▸ **WORK REQUIRED**
Retype exactly the lines below, starting with the line that contains "this 1440×1920 image." and ending with the last line; leave out any pictures.

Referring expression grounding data
⟨
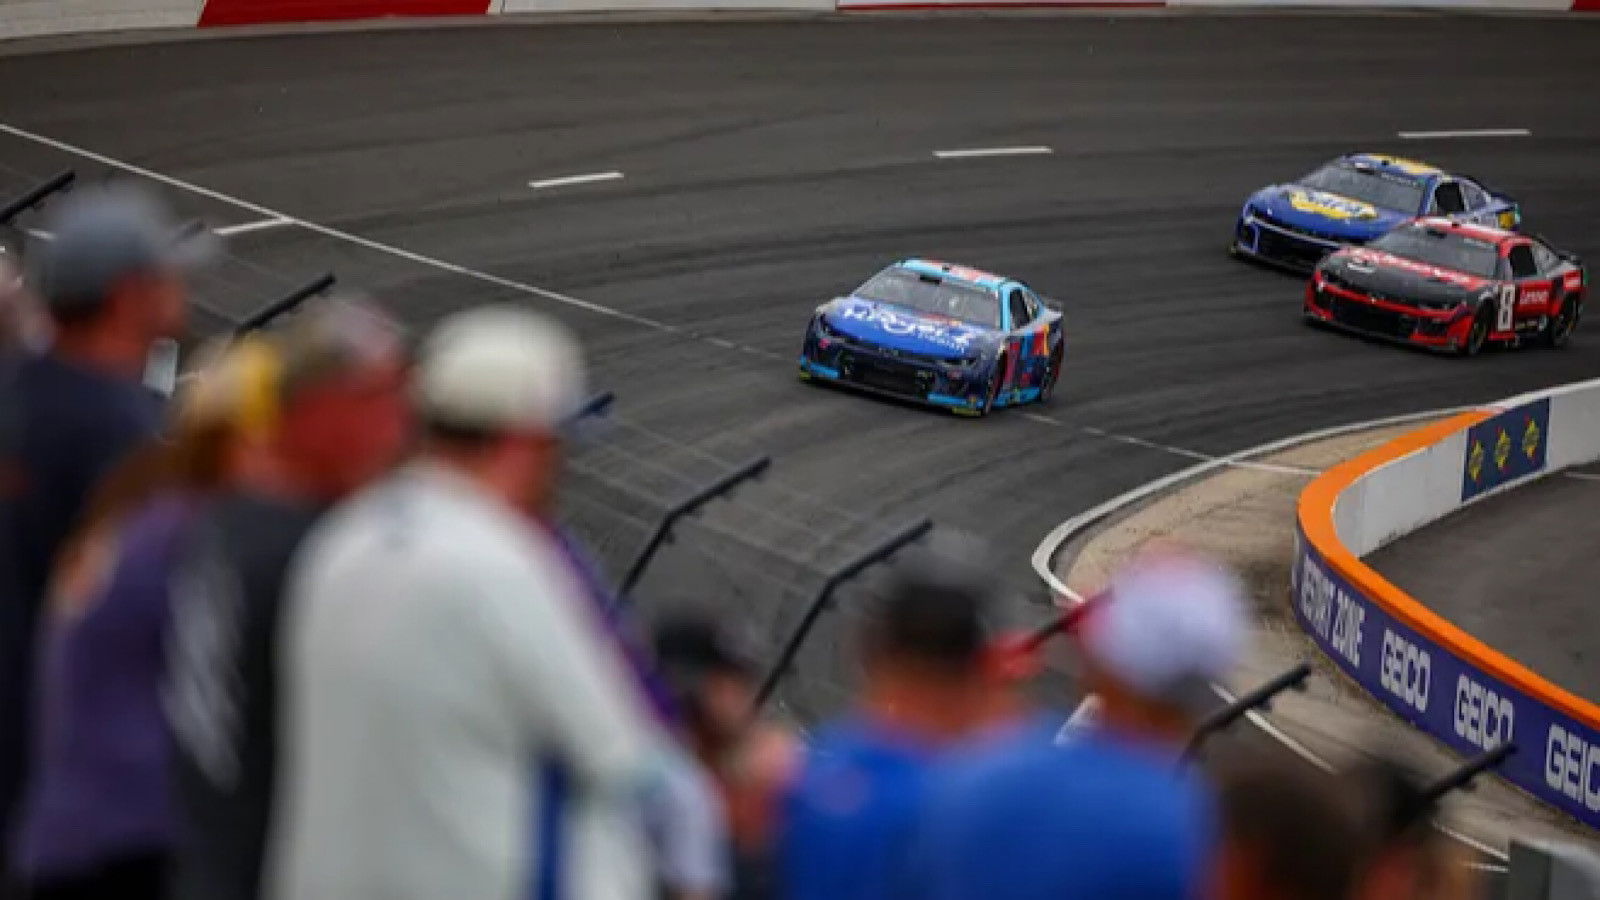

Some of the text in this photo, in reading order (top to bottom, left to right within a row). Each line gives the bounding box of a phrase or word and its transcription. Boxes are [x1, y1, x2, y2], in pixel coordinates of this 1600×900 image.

[1498, 284, 1515, 332] 8
[1381, 629, 1431, 713] GEICO
[1455, 675, 1513, 751] GEICO
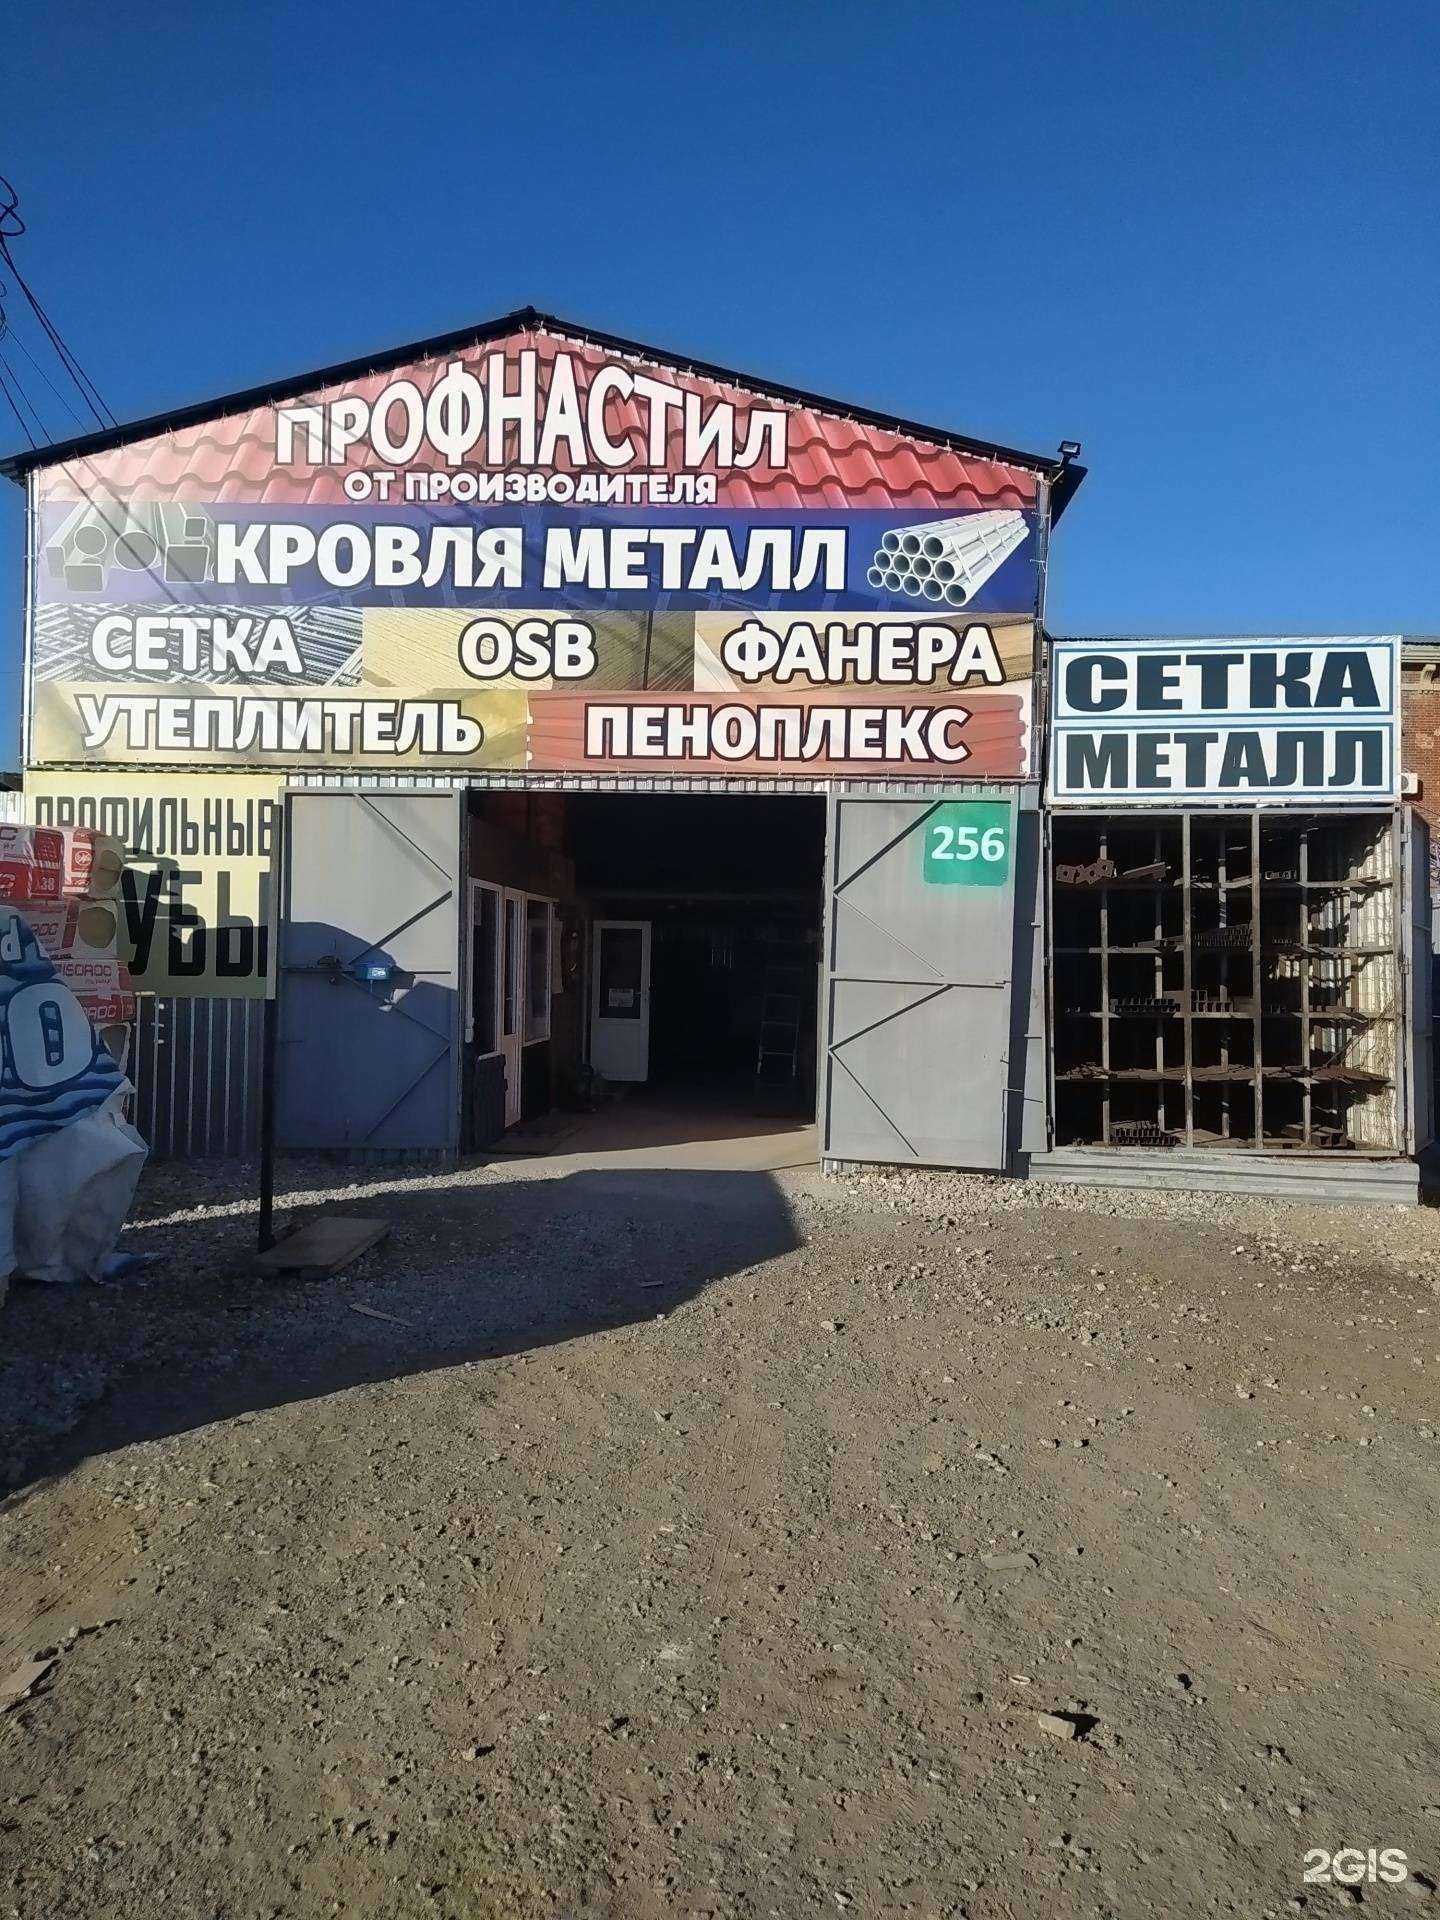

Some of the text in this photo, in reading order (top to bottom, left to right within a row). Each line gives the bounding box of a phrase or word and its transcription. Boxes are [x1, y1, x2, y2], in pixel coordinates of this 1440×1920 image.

[275, 348, 789, 470] ПРОФНАСТИЛ
[343, 471, 717, 504] ОТ ПРОИЗВОДИТЕЛЯ
[214, 522, 849, 592] КРОВЛЯ МЕТАЛЛ
[90, 613, 304, 674] СЕТКА
[458, 617, 596, 681] OSB
[721, 619, 1007, 685] ФАНЕРА
[1064, 651, 1381, 713] СЕТКА
[74, 693, 484, 755] УТЕПЛИТЕЛЬ
[584, 702, 973, 765] ПЕНОПЛЕКС
[1065, 730, 1384, 789] МЕТАЛЛ
[931, 825, 1005, 862] 256
[120, 869, 269, 977] УБЫ
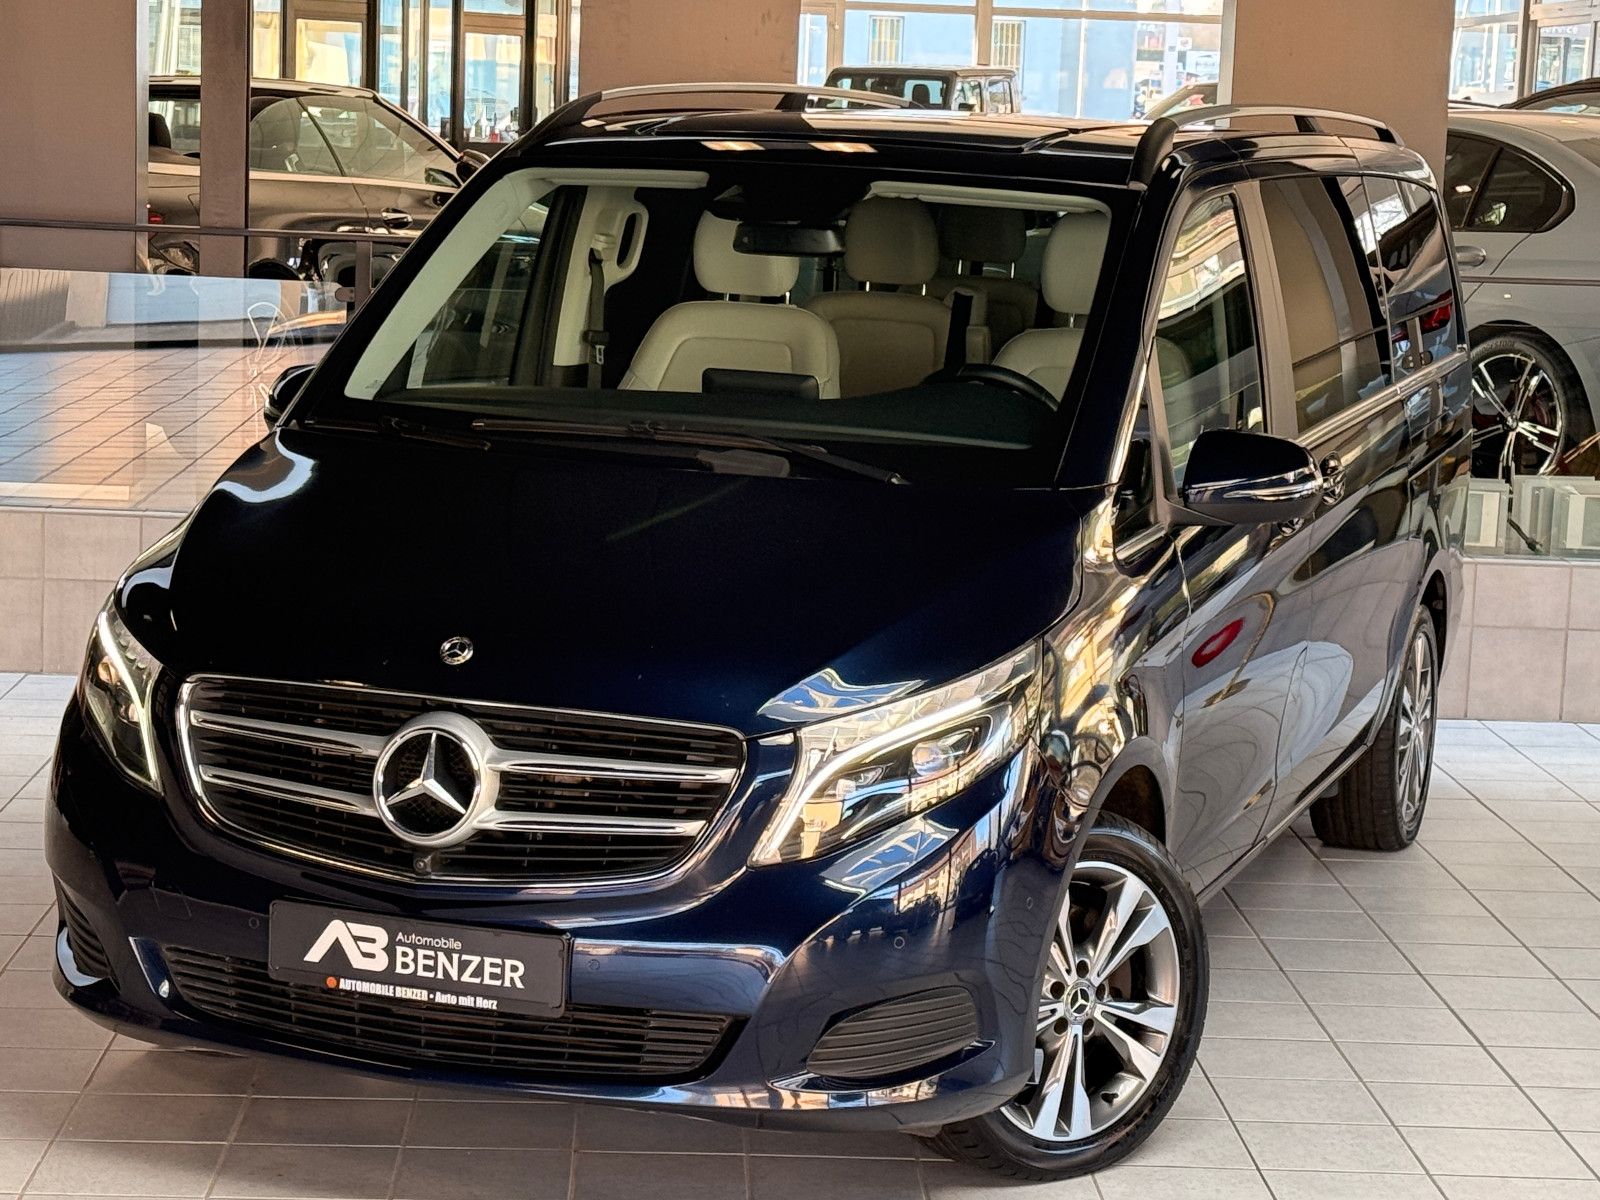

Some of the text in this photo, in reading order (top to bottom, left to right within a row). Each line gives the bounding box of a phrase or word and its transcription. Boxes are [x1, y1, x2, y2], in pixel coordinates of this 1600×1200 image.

[395, 931, 462, 950] Automobile
[394, 945, 525, 989] BENZER
[339, 977, 498, 1010] AUTOMOBILE BENZER Auto mit Herz
⟩
▸ **SOLVED PROBLEM**
Some of the text in this photo, in reading order (top to bottom, left to right within a row). Each line gives the bounding box of a phrase or word and its transcription. Boxes are [x1, y1, x2, y2], in pixel coordinates of this 1440×1920 image.

[275, 348, 789, 470] ПРОФНАСТИЛ
[343, 471, 717, 504] ОТ ПРОИЗВОДИТЕЛЯ
[214, 522, 849, 592] КРОВЛЯ МЕТАЛЛ
[90, 613, 304, 674] СЕТКА
[458, 617, 596, 681] OSB
[721, 619, 1007, 685] ФАНЕРА
[1064, 651, 1381, 713] СЕТКА
[74, 693, 484, 755] УТЕПЛИТЕЛЬ
[584, 702, 973, 765] ПЕНОПЛЕКС
[1065, 730, 1384, 789] МЕТАЛЛ
[931, 825, 1005, 862] 256
[120, 869, 269, 977] УБЫ

Some of the text in this photo, in reading order (top to bottom, left to right within a row). Each line gives the bounding box of a phrase or word and its transcription. Boxes are [x1, y1, x2, y2], in pixel coordinates of this 1600×1200 image.

[395, 931, 462, 950] Automobile
[394, 945, 525, 989] BENZER
[339, 977, 498, 1010] AUTOMOBILE BENZER Auto mit Herz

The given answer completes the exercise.